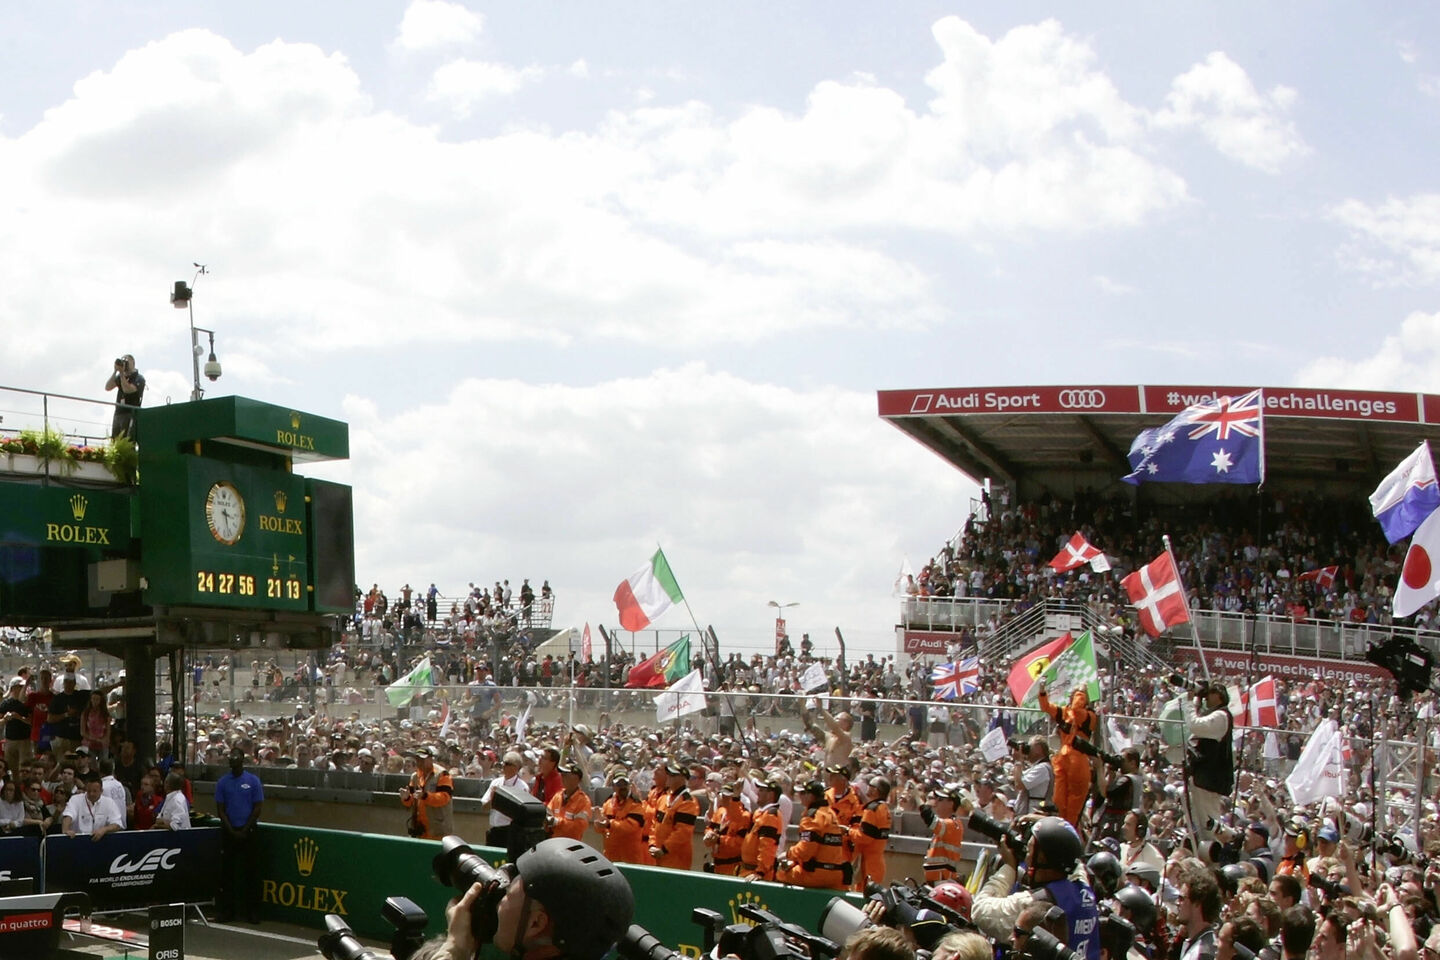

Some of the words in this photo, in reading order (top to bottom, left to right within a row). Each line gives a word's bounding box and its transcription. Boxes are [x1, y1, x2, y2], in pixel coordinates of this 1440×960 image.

[936, 394, 982, 409] Audi
[985, 392, 1041, 412] Sport
[276, 429, 314, 450] ROLEX
[46, 523, 110, 545] ROLEX
[259, 514, 303, 535] ROLEX
[198, 572, 215, 592] 24
[218, 574, 235, 594] 27
[239, 575, 254, 596] 56
[267, 578, 282, 598] 21
[286, 580, 300, 600] 13
[920, 640, 942, 648] Audi
[109, 848, 182, 874] WEC
[111, 880, 154, 888] CHAMPIONSHIP
[263, 879, 348, 916] ROLEX
[9, 917, 48, 930] quattro
[160, 918, 182, 928] BOSCH
[156, 949, 179, 960] ORIS
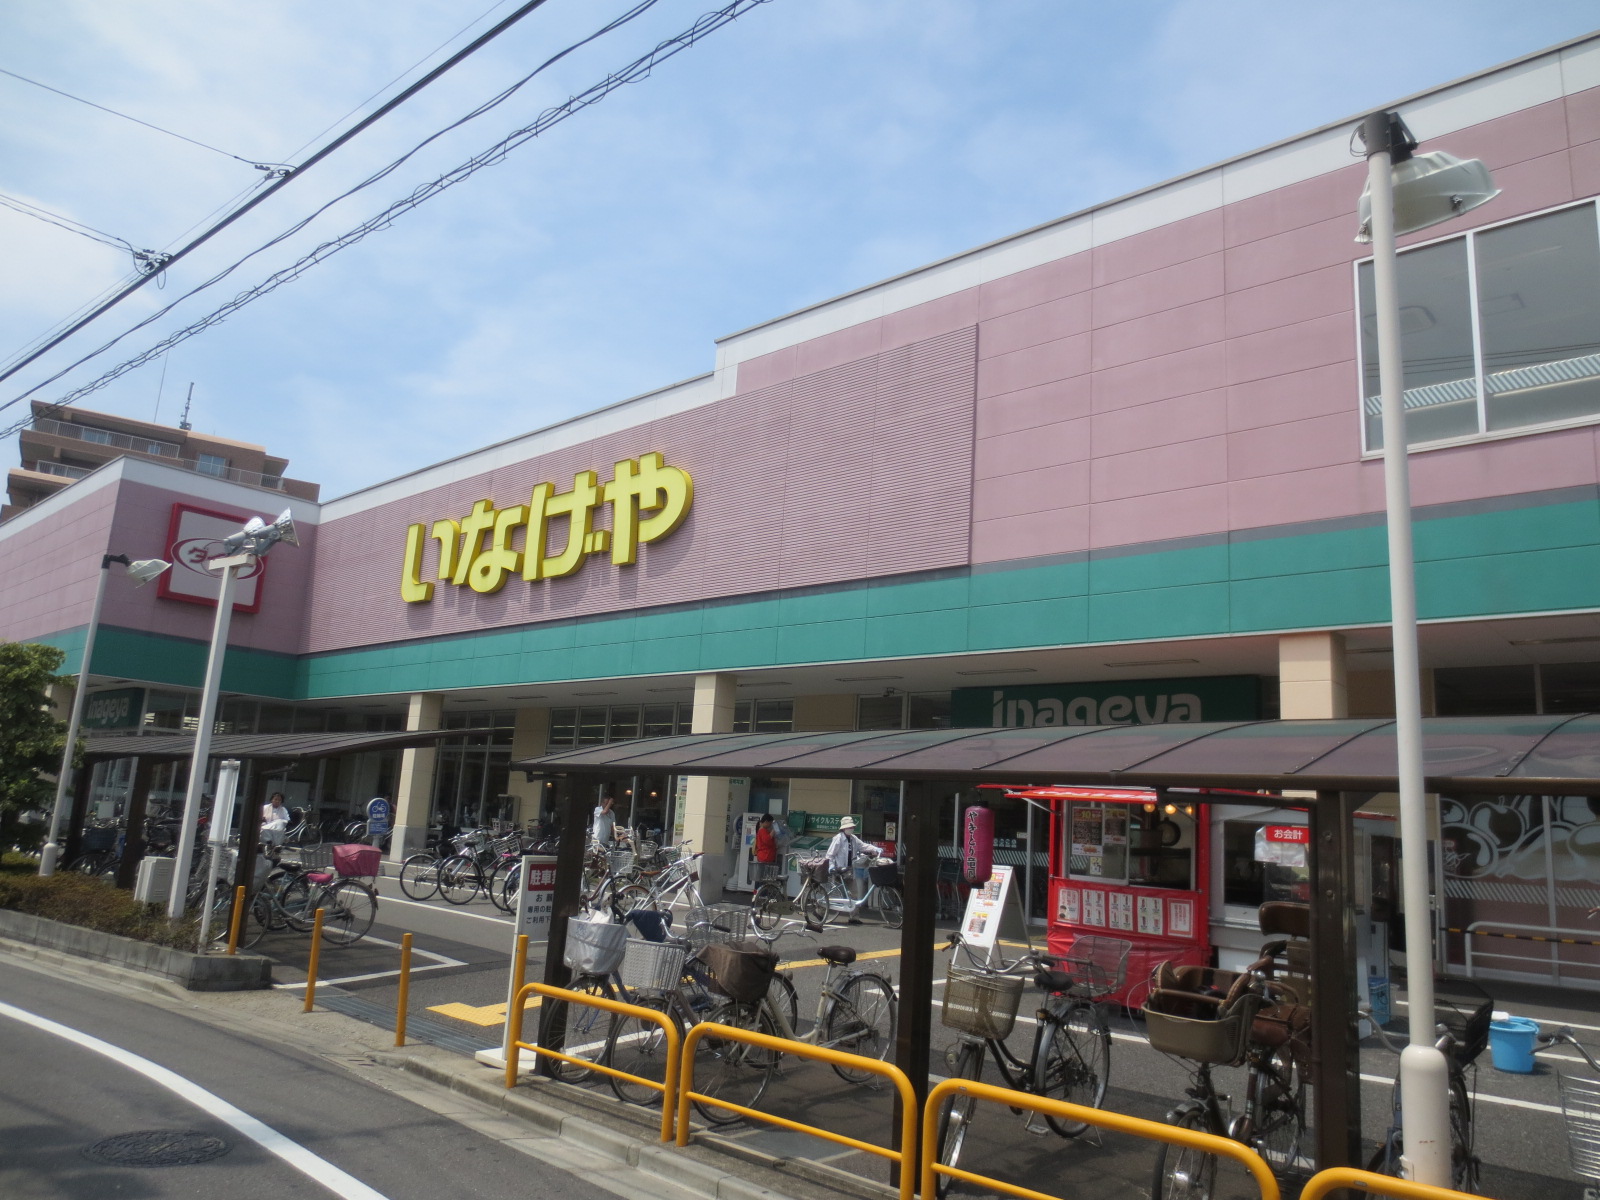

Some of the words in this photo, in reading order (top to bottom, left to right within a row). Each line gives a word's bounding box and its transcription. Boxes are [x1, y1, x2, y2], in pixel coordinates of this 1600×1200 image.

[400, 451, 695, 604] いなげや
[87, 697, 130, 725] inageya
[1273, 829, 1303, 840] お会計
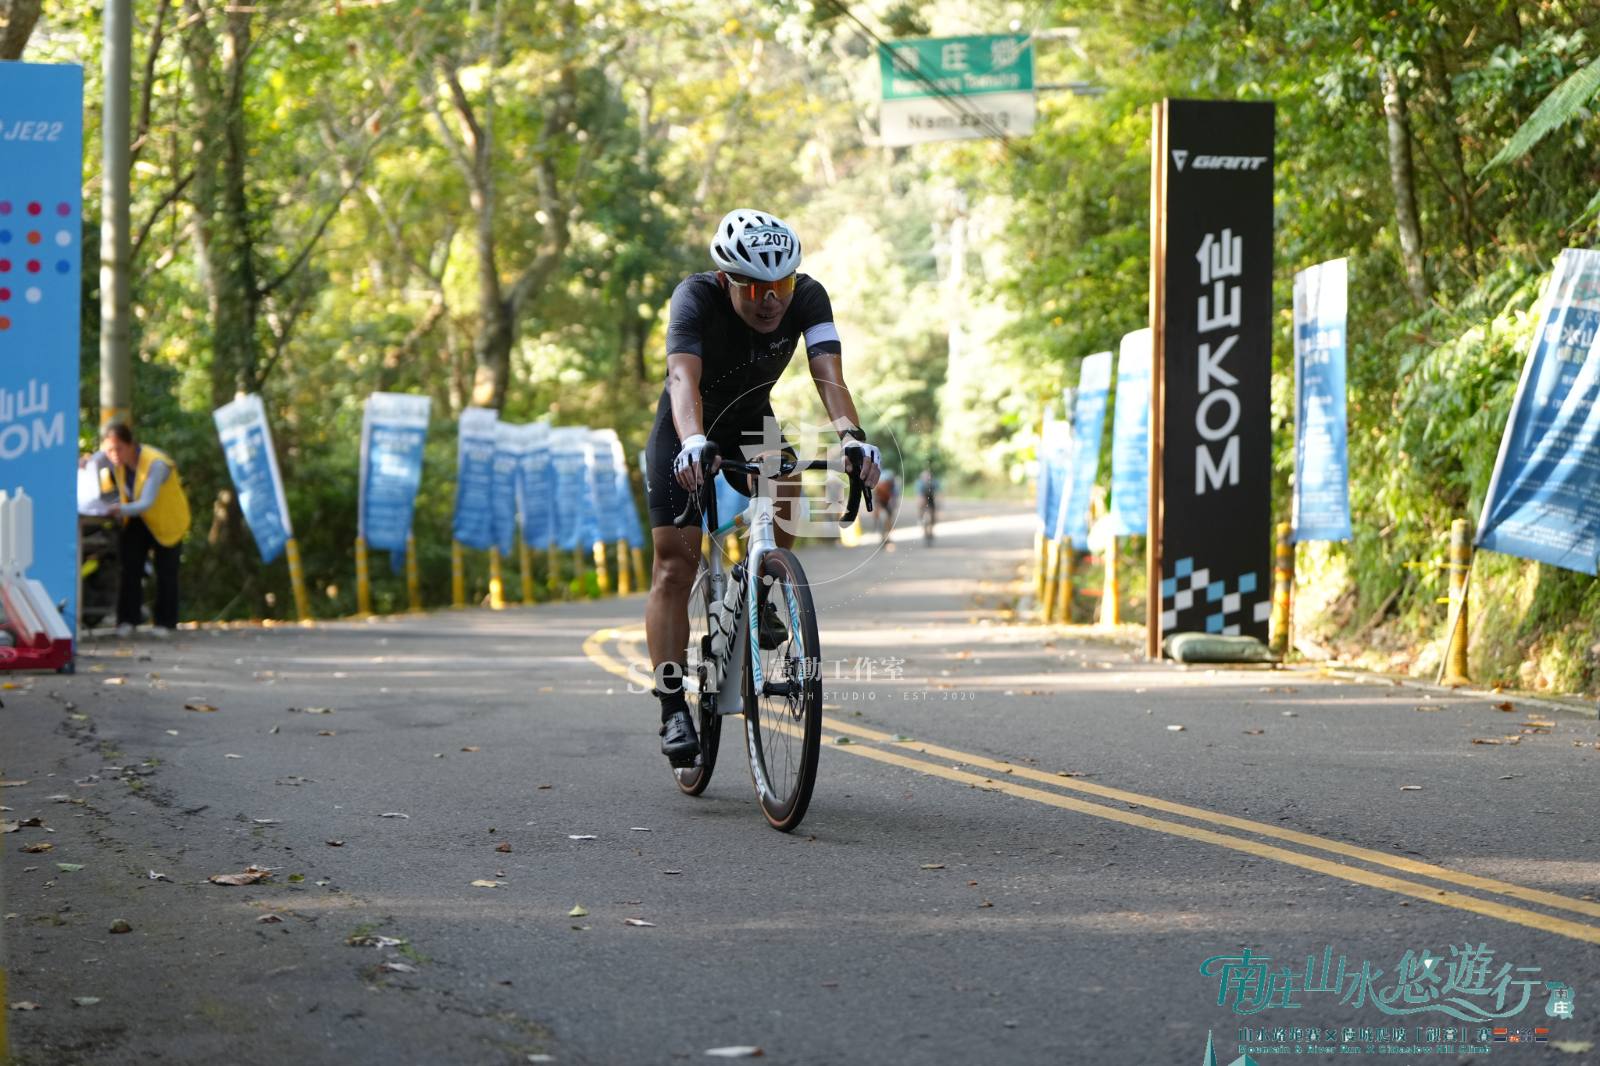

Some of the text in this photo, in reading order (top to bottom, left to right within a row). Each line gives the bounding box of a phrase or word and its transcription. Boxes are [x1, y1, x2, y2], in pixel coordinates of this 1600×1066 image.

[1191, 155, 1268, 170] GIANT
[1195, 228, 1242, 333] 仙山
[1195, 334, 1241, 495] KOM
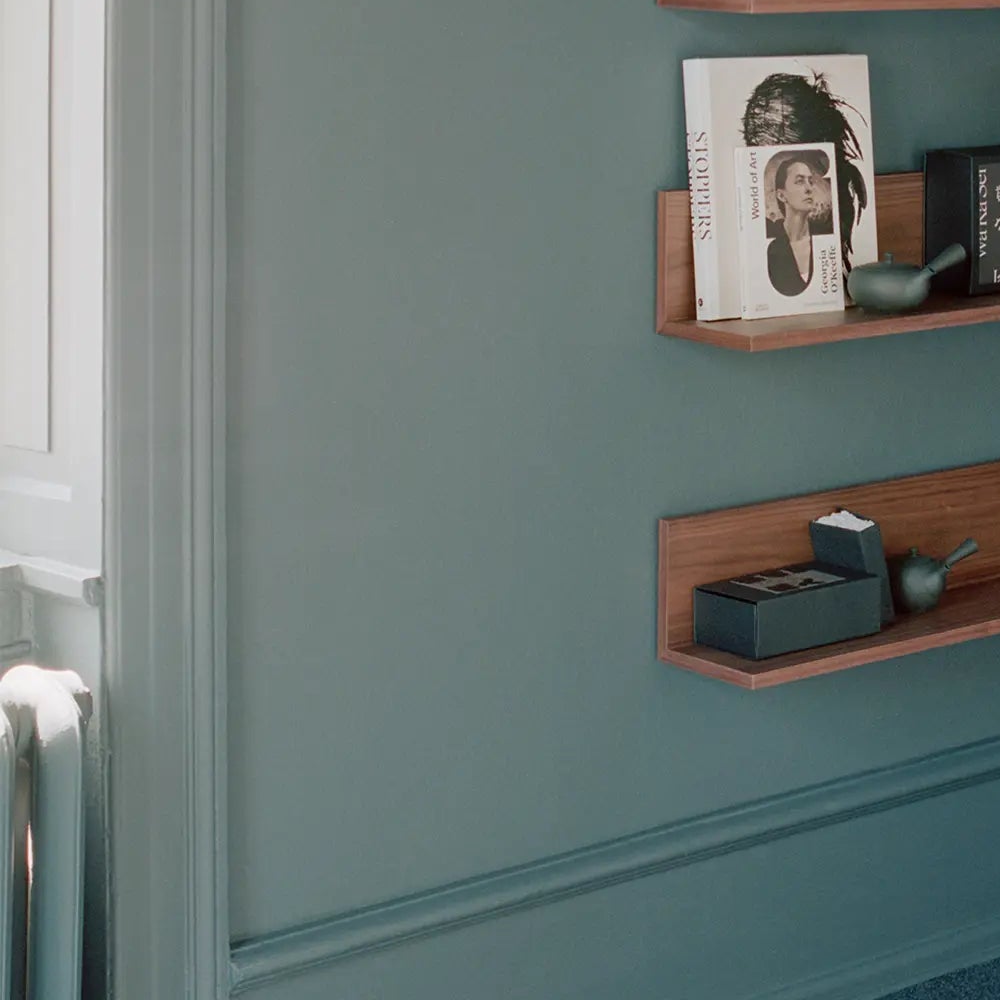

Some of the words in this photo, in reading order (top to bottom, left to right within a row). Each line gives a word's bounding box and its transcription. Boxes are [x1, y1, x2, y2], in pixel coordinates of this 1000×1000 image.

-- Task --
Everything from the line with "Some of the text" through the last line of the listing above is to be copied exactly, both ends included, except the pictures.

-- Response box --
Some of the text in this photo, in reading order (top to bottom, left to right within a row). Each line gives the bounding box of a phrase or word and its transcription. Boxes are [x1, y1, x2, y2], in pixel coordinates of this 1600×1066 image.

[1191, 155, 1268, 170] GIANT
[1195, 228, 1242, 333] 仙山
[1195, 334, 1241, 495] KOM

Some of the words in this photo, in reading order (top to bottom, left to right within a row). Each line gives a word's bounding box and its transcription. Boxes are [x1, y1, x2, y2], in pixel coordinates of this 1000×1000 image.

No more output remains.